As a young Irish female author, comparisons to Sally Rooney, writer behind the smash-hit Normal People, were inevitable, and Rooney herself has endorsed Exciting Times. But Dolan’s dry writing style feels distinctive, and she conveys the introspection, existentialism and dating power-play that will feel familiar to many millennials. Ava’s relationships carry the story, but Dolan’s writing acknowledges her character’s anxiety surrounding her place in the world, not least as someone participating in a system that still benefits from Hong Kong’s complicated and exploitative colonial past.

However, at a time of great scrutiny towards Hong Kong, critics have said that Dolan, who lived in Hong Kong for less than two years, presents a surface-level and naive view of the city and its people, that most of the Asian characters in the story are treated as a source of stereotypical whimsy to Ava or background noise, and that racial and political tensions are trivialised in the narrative. Dolan previously admitted that Exciting Times is a “time capsule of a very different time and place”, and now adds: “I really can’t imagine the story unfolding the same way in present-day Hong Kong.”
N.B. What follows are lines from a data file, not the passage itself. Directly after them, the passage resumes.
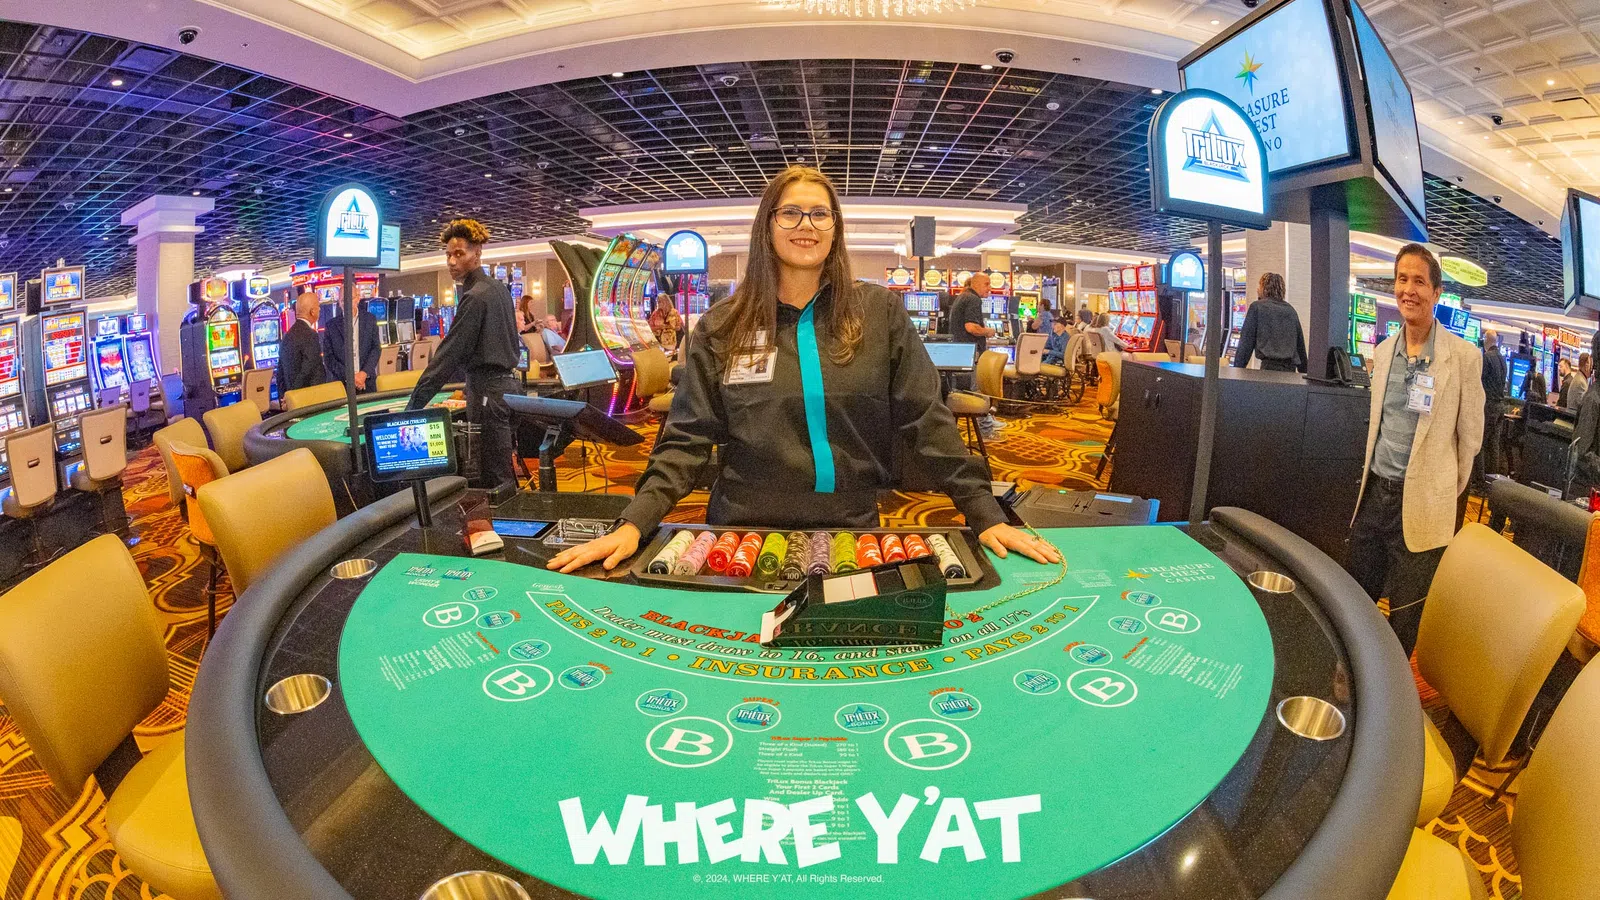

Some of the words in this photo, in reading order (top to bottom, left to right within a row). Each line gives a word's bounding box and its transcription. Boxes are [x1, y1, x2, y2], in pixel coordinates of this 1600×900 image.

[1242, 88, 1290, 117] ASURE
[1254, 112, 1276, 134] EST
[1138, 562, 1214, 573] TREASURE
[1160, 569, 1207, 578] CHEST
[1165, 574, 1216, 584] CASINO
[434, 606, 462, 624] B
[639, 609, 761, 644] BLACKJA
[944, 619, 964, 629] O
[1159, 612, 1188, 631] B
[545, 600, 594, 630] PAYS
[588, 628, 608, 639] 2
[610, 635, 637, 649] TO
[639, 647, 657, 657] 1
[688, 656, 934, 680] INSURANCE
[961, 631, 1032, 661] PAYS
[1030, 624, 1049, 634] 2
[1044, 612, 1066, 624] TO
[592, 606, 645, 631] Dealer
[644, 626, 696, 646] must
[696, 641, 754, 656] draw
[758, 649, 782, 660] to
[789, 650, 825, 662] 16,
[834, 647, 879, 660] and
[949, 632, 974, 644] on
[977, 621, 1001, 636] all
[999, 609, 1032, 626] 17's
[492, 669, 537, 696] B
[1078, 677, 1126, 703] B
[657, 727, 714, 756] B
[898, 732, 958, 760] B
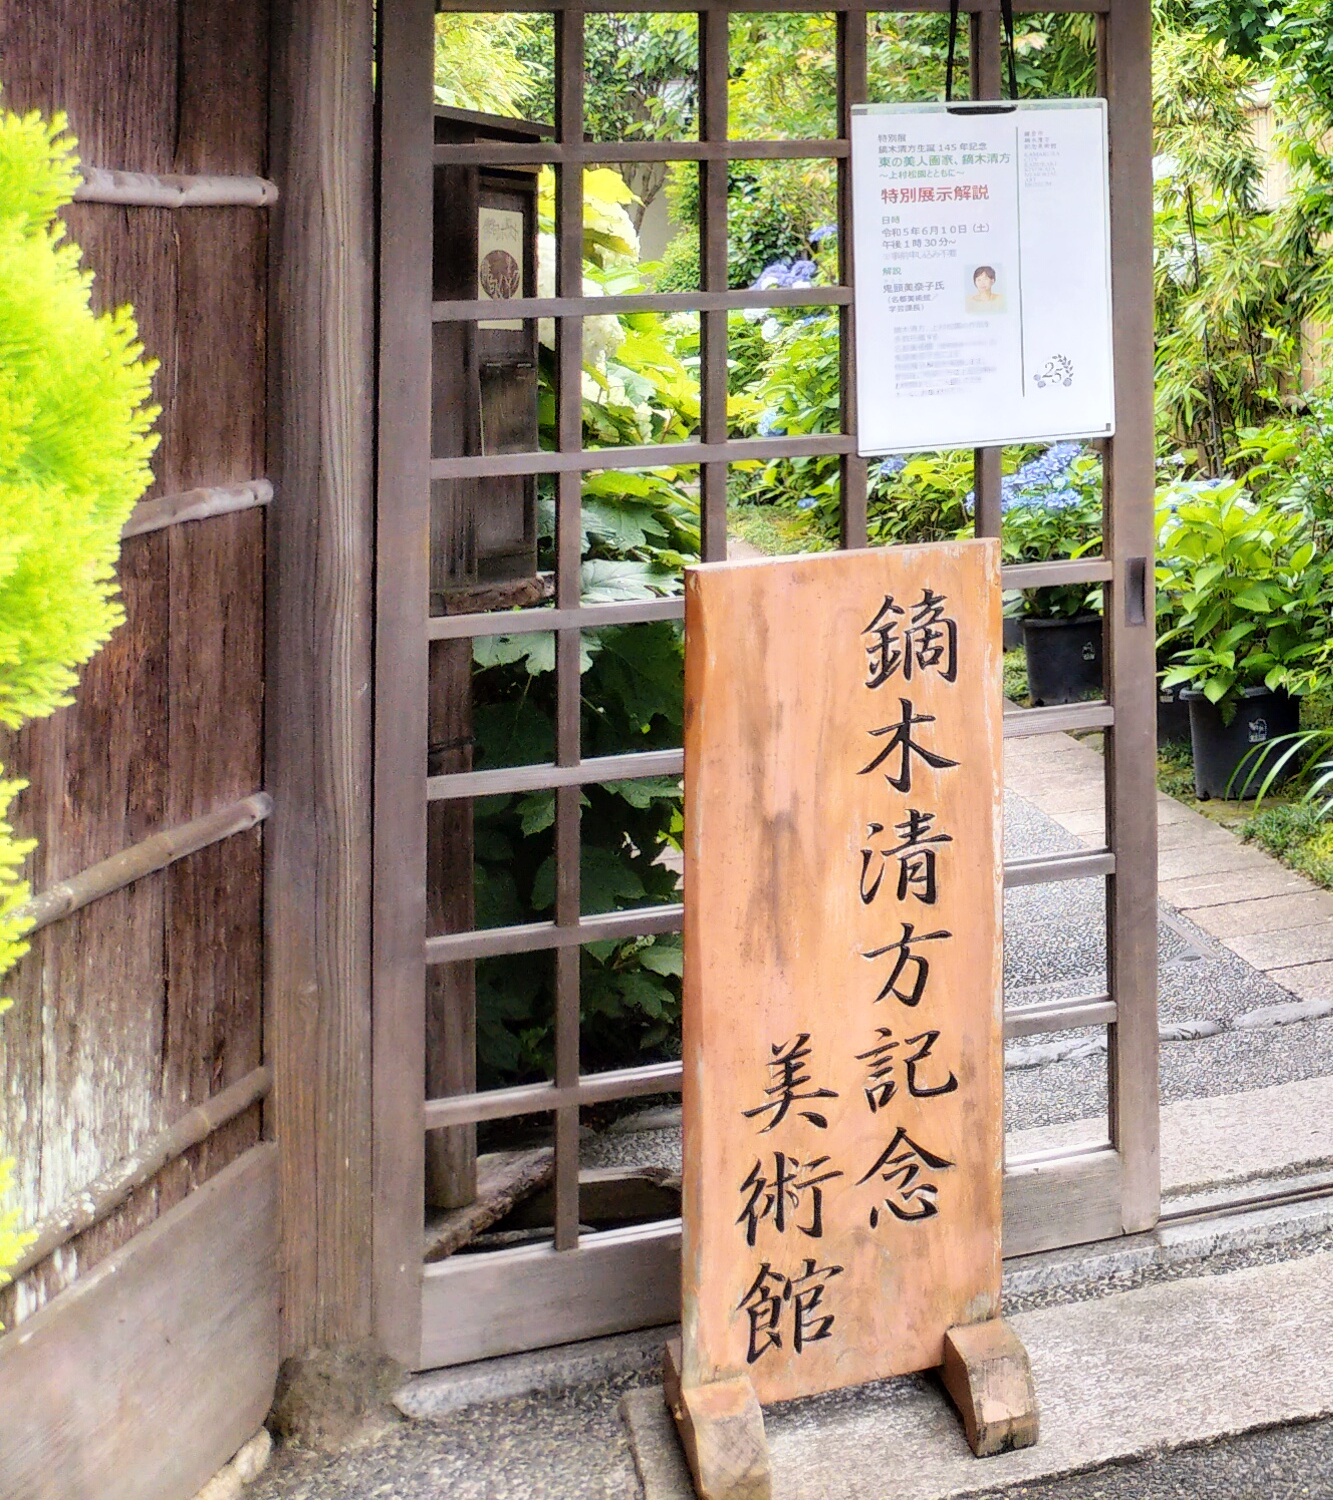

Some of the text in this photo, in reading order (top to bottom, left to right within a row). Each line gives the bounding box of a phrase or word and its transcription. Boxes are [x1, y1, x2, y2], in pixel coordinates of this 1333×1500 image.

In a Q&A ahead of her appearance at the Hong Kong International Literary Festival this Friday, Dolan discusses Exciting Times’ upcoming TV series adaptation by Amazon Studios and why she chose to set her story in Hong Kong.


Congratulations on the upcoming series adaptation! What do you think Phoebe Dynevor will bring to the role?
I’m really delighted that we’ve attached Phoebe to the project. Bringing a character to life is a collaborative process so I’m not coming to it with many preconceptions. When I met Phoebe she spoke beautifully and perceptively about the novel and the character, so I’m excited to see how her grasp of the material informs her performance rather than having a fixed image of how it will go.

Will the series be filmed in Hong Kong?
I can’t talk too much about the adaptation yet, but I can’t wait to be able to share more in time.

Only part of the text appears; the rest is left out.